If we were to pause the IO thread for each client individually, the
efficiency would be very low. Conversely, pausing all IO threads
simultaneously would be costly, especially when there are many IO
threads, as clientsCron is invoked relatively frequently.
To address this, we adopted a batched approach for pausing IO threads.
At most, 8 IO threads are paused at a time. The operations mentioned
above are only performed on clients running in the paused IO threads,
significantly reducing overhead while maintaining safety.

### Observability
In the current design, the main thread always assigns clients to the IO
thread with the least clients. To clearly observe the number of clients
handled by each IO thread, we added the new section in INFO output. The
`INFO THREADS` section can show the client count for each IO thread.
```
# Threads
io_thread_0:clients=0
io_thread_1:clients=2
io_thread_2:clients=2
```

Additionally, in the `CLIENT LIST` output, we also added a field to
indicate the thread to which each client is assigned.

`id=244 addr=127.0.0.1:41870 laddr=127.0.0.1:6379 ... resp=2 lib-name=
lib-ver= io-thread=1`

## Trade-off
### Special Clients
For certain special types of clients, keeping them running on IO threads
would result in severe race issues that are difficult to resolve.
Therefore, we chose not to offload these clients to the IO threads.

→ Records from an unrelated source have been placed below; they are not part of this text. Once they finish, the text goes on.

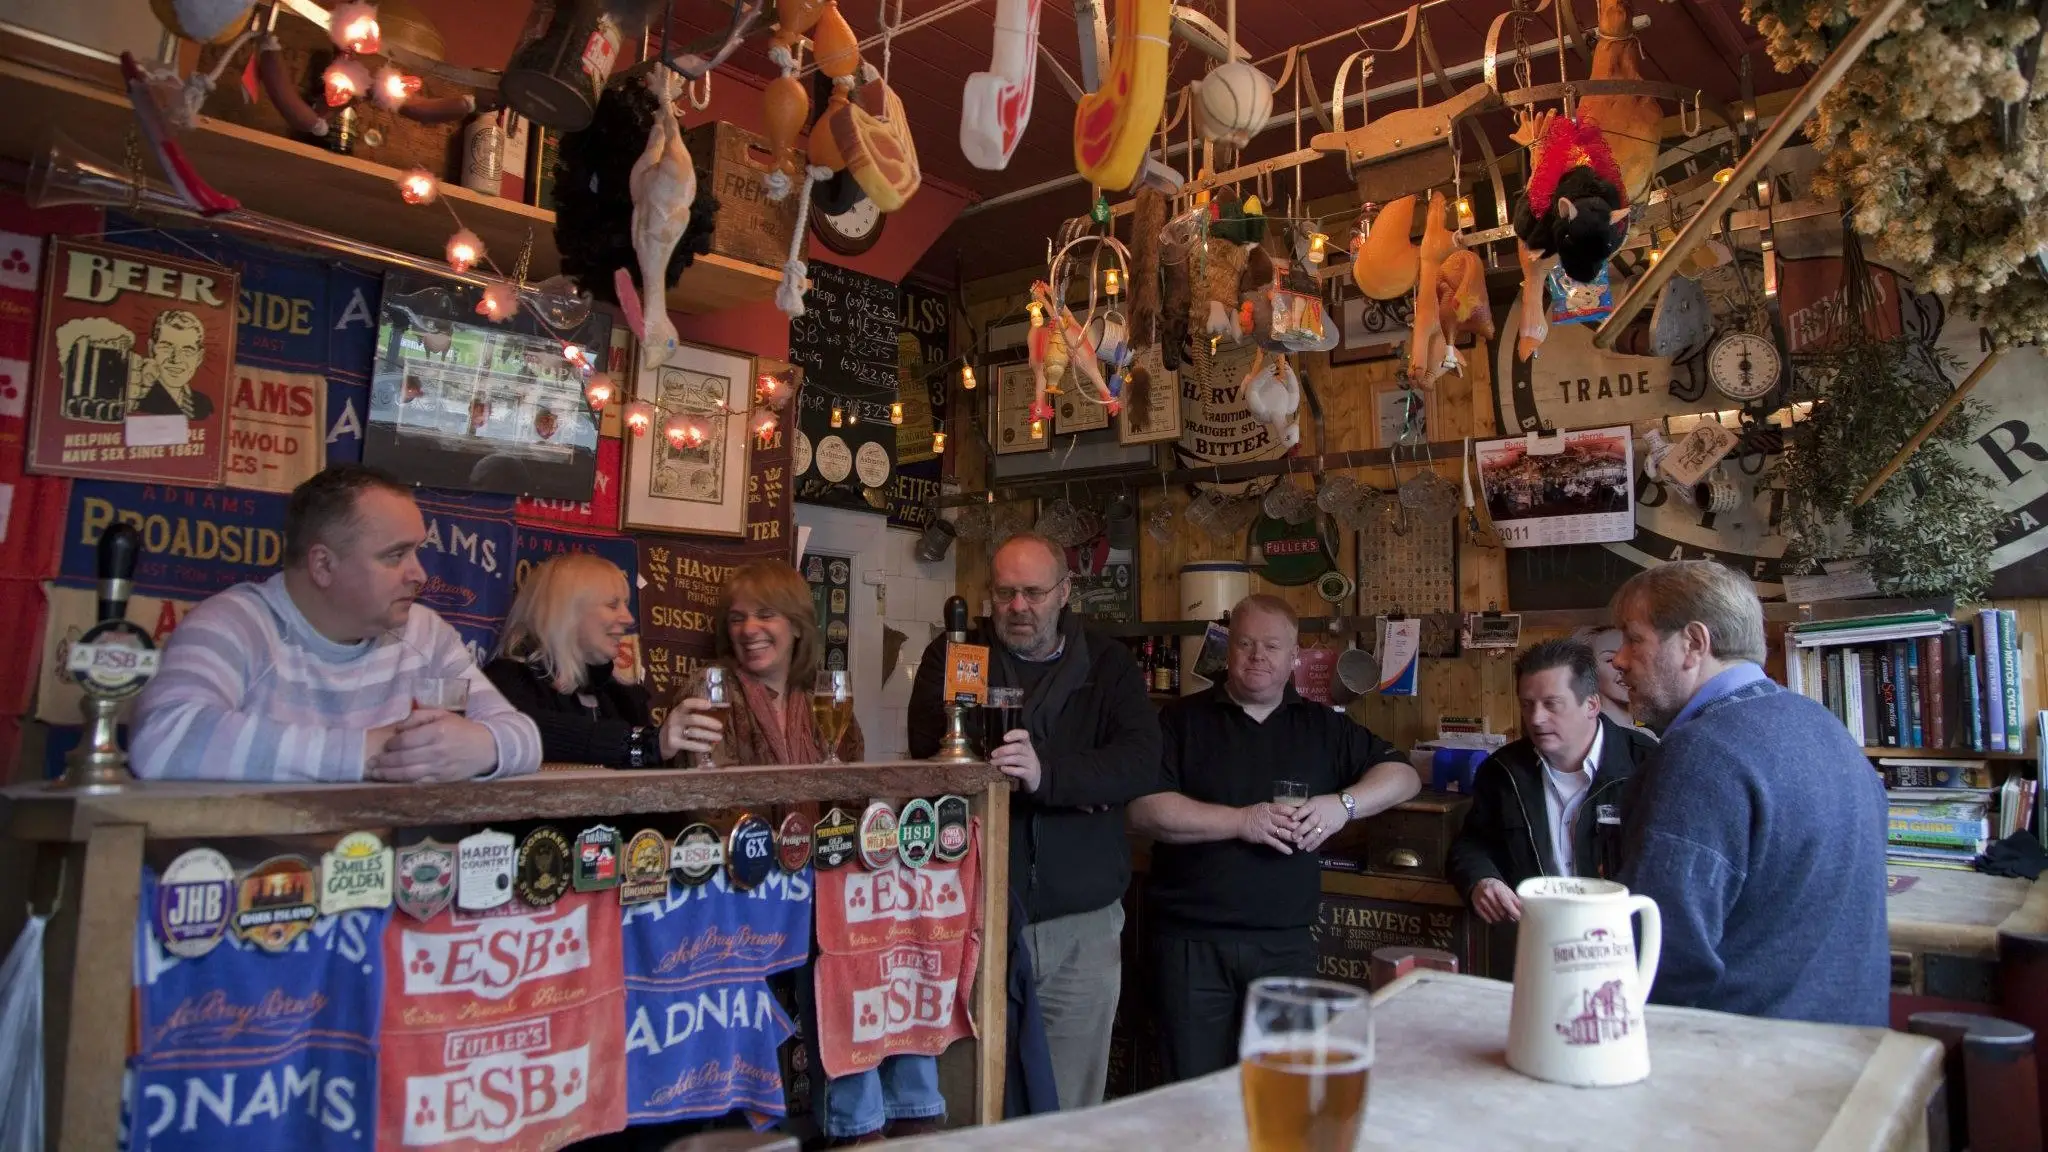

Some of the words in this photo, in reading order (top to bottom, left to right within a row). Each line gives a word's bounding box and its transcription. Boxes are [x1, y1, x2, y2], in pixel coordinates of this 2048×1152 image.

[63, 251, 224, 307] BEER
[237, 288, 315, 336] SIDE
[1559, 370, 1650, 405] TRADE
[63, 432, 121, 447] HELPING
[1195, 431, 1271, 457] BITTER
[62, 448, 98, 463] HAVE
[100, 447, 125, 462] SEX
[129, 446, 165, 460] SINCE
[143, 485, 256, 515] ADNAMS
[81, 497, 284, 567] BROADSID
[1499, 526, 1530, 542] 2011
[1265, 540, 1318, 553] FULLER'S
[651, 605, 715, 634] SUSSEX
[2003, 650, 2016, 686] MOTOR
[1880, 682, 1895, 702] Sex
[2006, 687, 2019, 727] CYCLING
[903, 825, 931, 841] HSB
[461, 844, 510, 859] HARDY
[684, 849, 711, 863] ESB
[745, 837, 769, 859] 6X
[333, 853, 383, 875] SMILES
[461, 856, 510, 870] COUNTRY
[327, 872, 385, 894] GOLDEN
[624, 885, 665, 898] BROADSIDE
[870, 867, 935, 915] ESB
[168, 883, 223, 928] JHB
[1331, 906, 1422, 934] HARVEYS
[1349, 928, 1383, 942] SUSSEX
[440, 924, 556, 989] ESB
[450, 1026, 546, 1060] FULLER'S
[144, 1064, 363, 1140] DNAMS.
[443, 1063, 556, 1132] ESB

For replica, monitor, subscribe, and tracking clients, main thread may
directly write them a reply when conditions are met. Race issues are
difficult to resolve, so we have them processed in the main thread. This
includes the Lua debug clients as well, since we may operate connection
directly.

For blocking client, after the IO thread reads and parses a command and
hands it over to the main thread, if the client is identified as a
blocking type, it will be remained in the main thread. Once the blocking
operation completes and the reply is generated, the client is
transferred back to the IO thread to send the reply and wait for event
triggers.

### Clients Eviction
To support client eviction, it is necessary to update each client’s
memory usage promptly during operations such as read, write, or command
execution. However, when a client operates on an IO thread, it is not
feasible to update the memory usage immediately due to the risk of data
races. As a result, memory usage can only be updated either in the main
thread while processing commands or in the `ClientsCron` periodically.
The downside of this approach is that updates might experience a delay
of up to one second, which could impact the precision of memory
management for eviction.

To avoid incorrectly evicting clients. We adopted a best-effort
compensation solution, when we decide to eviction a client, we update
its memory usage again before evicting, if the memory used by the client
does not decrease or memory usage bucket is not changed, then we will
evict it, otherwise, not evict it.

However, we have not completely solved this problem. Due to the delay in
memory usage updates, it may lead us to make incorrect decisions about
the need to evict clients.

### Defragment
In the majority of cases we do NOT use the data from argv directly in
the db.
1. key names
We store a copy that we allocate in the main thread, see `sdsdup()` in
`dbAdd()`.
2. hash key and value
We store key as hfield and store value as sds, see `hfieldNew()` and
`sdsdup()` in `hashTypeSet()`.
3. other datatypes
   They don't even use SDS, so there is no reference issues.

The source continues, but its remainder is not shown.